Their kids were in school. They had jobs. Their spouses had jobs. To pull up roots and move back out to campo wouldn't be an easy thing.

In the case of Don Fortunato, he trooped on with his lovely wife Elena. Their daughters came back to help from time to time. So did their son. But the trips were short because the children had to get back to their lives.

When we discovered that the purest sample ever tested of a thought to be extinct variety of cacao was growing on Don Fortunato's farm, it became clear that the economic prospects of the Colala family would improve.And they have. We pay Don Fortunato for the use of his name. We give the Colala family money when emergencies come up.

By the way, the Colala family isn't the only family we do that for. In general, we help out our farm partners with medical bills and other economic emergencies as a matter of course. It is a cost of doing business for us.

They are proud and honest people, so farm families normally don't ask unless the situation is dire.

Anyhow, Don Fortunato and Elena have been carrying on, doing business with us, for the last 14 years. Elena is a sturdy woman and Fortunato is a hardworking man. Between the two of them, they were able to manage their beautiful ten-acre farm, and their participation in our project helped their financial situation.

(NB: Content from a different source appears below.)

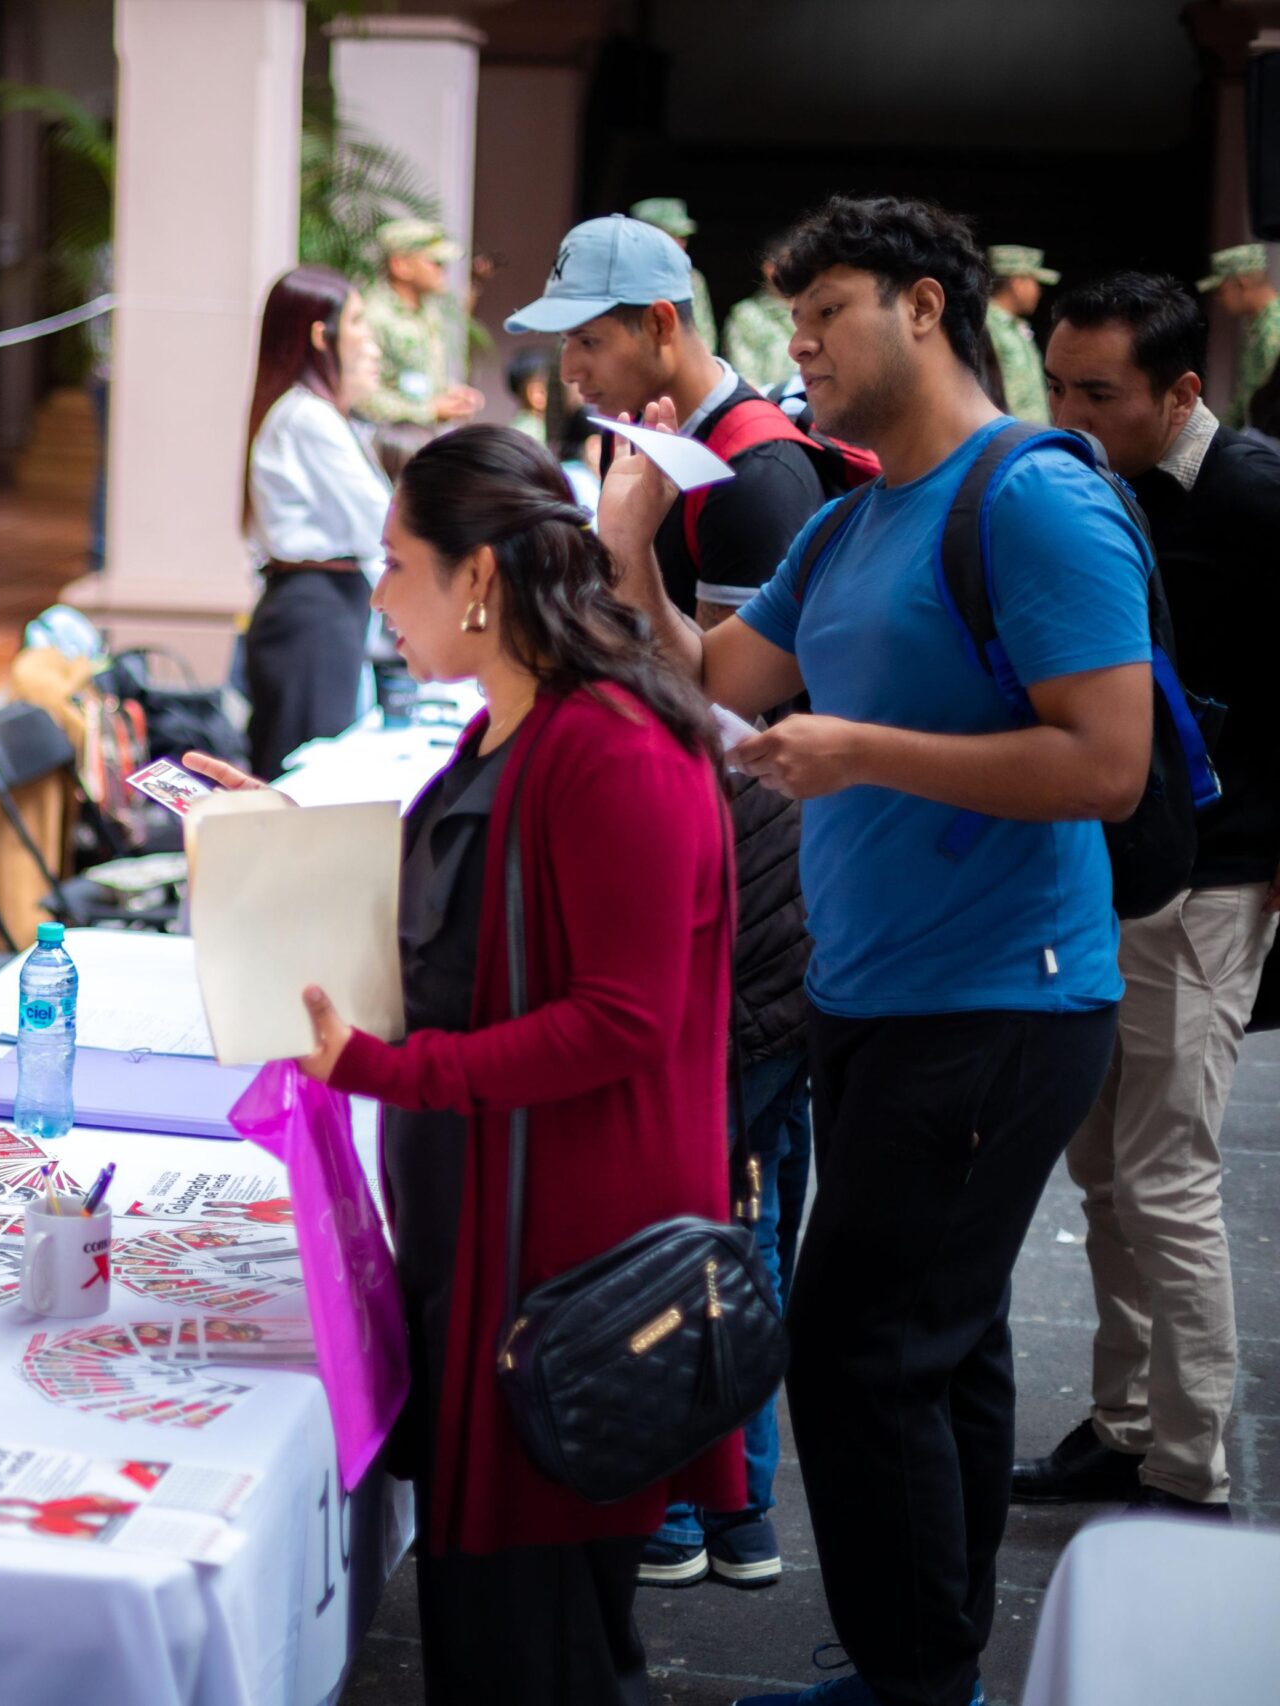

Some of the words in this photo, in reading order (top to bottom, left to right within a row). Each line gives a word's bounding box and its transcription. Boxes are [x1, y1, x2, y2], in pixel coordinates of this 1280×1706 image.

[26, 1005, 52, 1020] ciel
[163, 1172, 214, 1215] Colaborador
[205, 1173, 232, 1195] Tienda
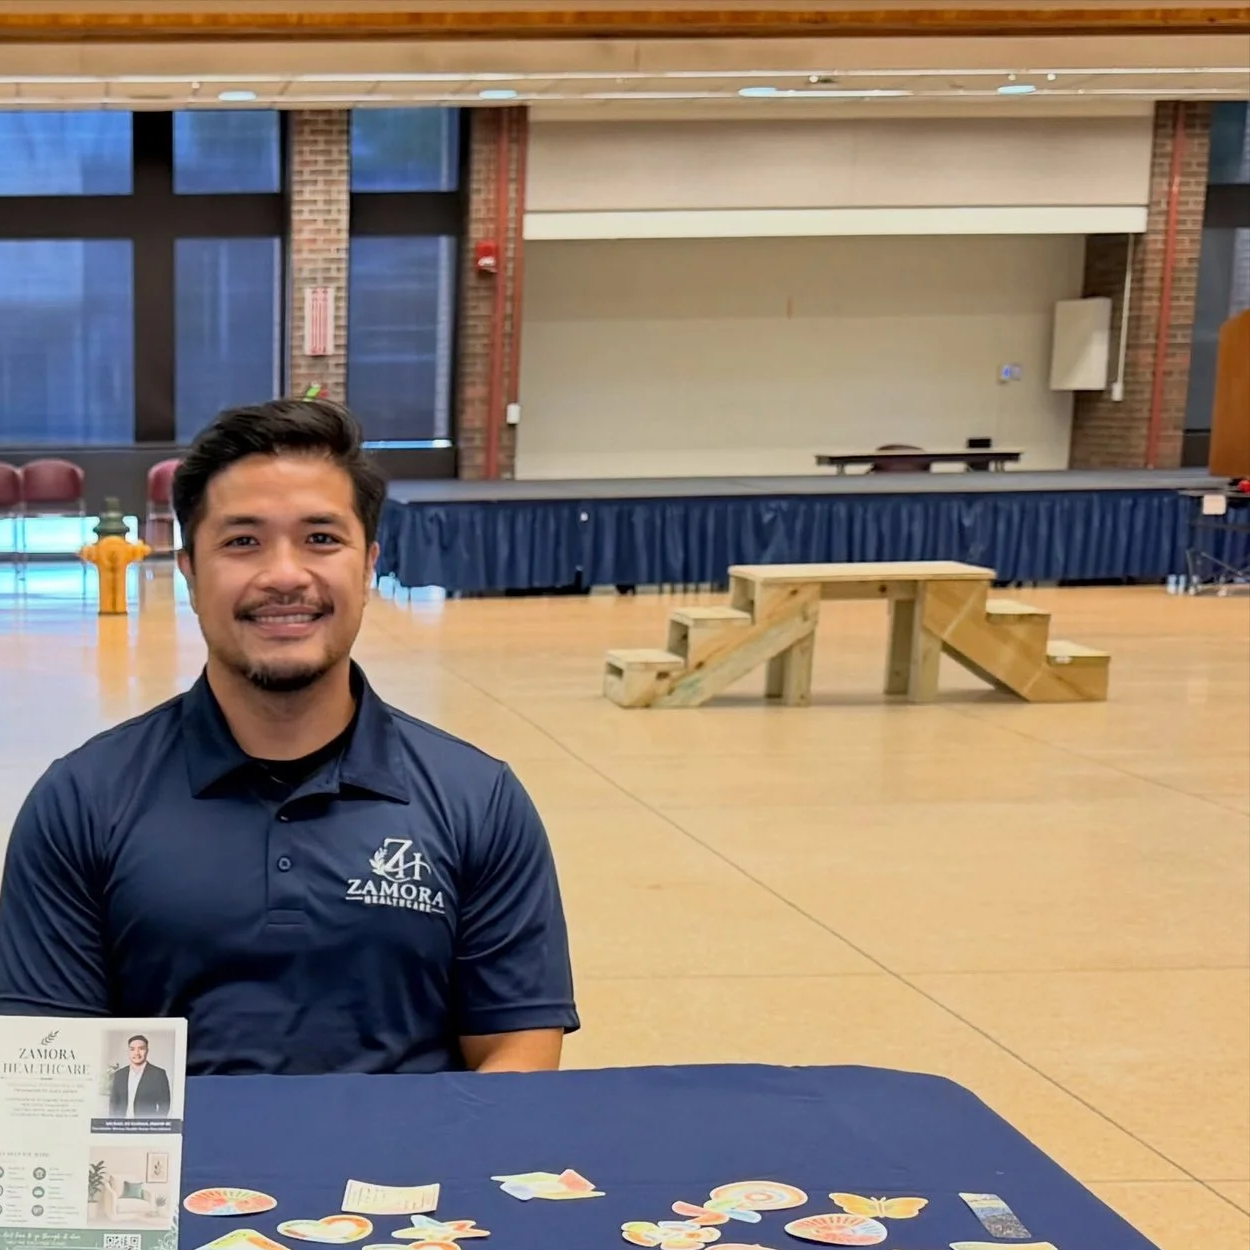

But now, 14 years later, Elena's health is starting to fail. And Fortunato is 14 years older. The issue isn't money.  The issue is the farm. It is falling into disrepair.

Don Fortunato doesn't have the strength he used to have, and he doesn't have his companion, Elena, out there working side by side with him.

Like I said, having the kids come back out to campo isn't as easy as it sounds. They are grown adults who have their lives all set up in other places. This is a reality that many of our cacao farm partners will have to face in the coming years.

We don't quite know what to do about it. Maybe there isn't anything that can be done. But we plan to contribute in some way once we have a better idea of how we can help.

On a positive note, construction continues on a five-story building out in campo that will house production equipment for making cacao nibs and cocoa butter and other artisanal products, as well as lodging for tourists. We are very proud to say that this project has been primarily funded by the extra profits earned from selling cacao to our company.

In the future, we plan to distribute the products made by our cacao farm partners in their facility. And we plan to arrange agro-tourism trips out to campo when the time comes.

Building up these additional industries in campo will hopefully encourage farm children to stay in the zone, which will help provide a long-term solution to the problem mentioned above. Or maybe there is some other solution that we aren't aware of that will present itself.

Before I sign off, I think it makes sense to remind you of our word-of-mouth program. As of last week, we have ceased all spending with Meta and Google for advertising.

In the future our entire growth as a company will depend on whether we do a good enough job to have our customers recommend us.

If you sign up for the program by clicking on the link below and filling out the application, we'll send you a 6% commission each month for the sales you help us generate and we'll send a matching 6% of the sales to our cacao farm partners to help out with pressing needs.

Alternatively, you can choose to have us send the entire allocated 12% down to our cacao farm partners.

It is hot now and not the best time to ship chocolate, so right at this moment might not be the best time to sign up, but please keep it in mind. However, we will have our new nut butters coming out within the next couple of weeks and they can be shipped in the heat. And the prototypes have been delicious. We just have to finalize the packaging.

The word-of-mouth funds we set aside may prove important in figuring out how to solve some of the long-term structural problems our cacao farm partners face. That is why we'd rather earmark the money to send down to campo, instead of continuing to spend money with Google and Meta.

Thank you so much for your time today.I hope that you have a truly blessed day!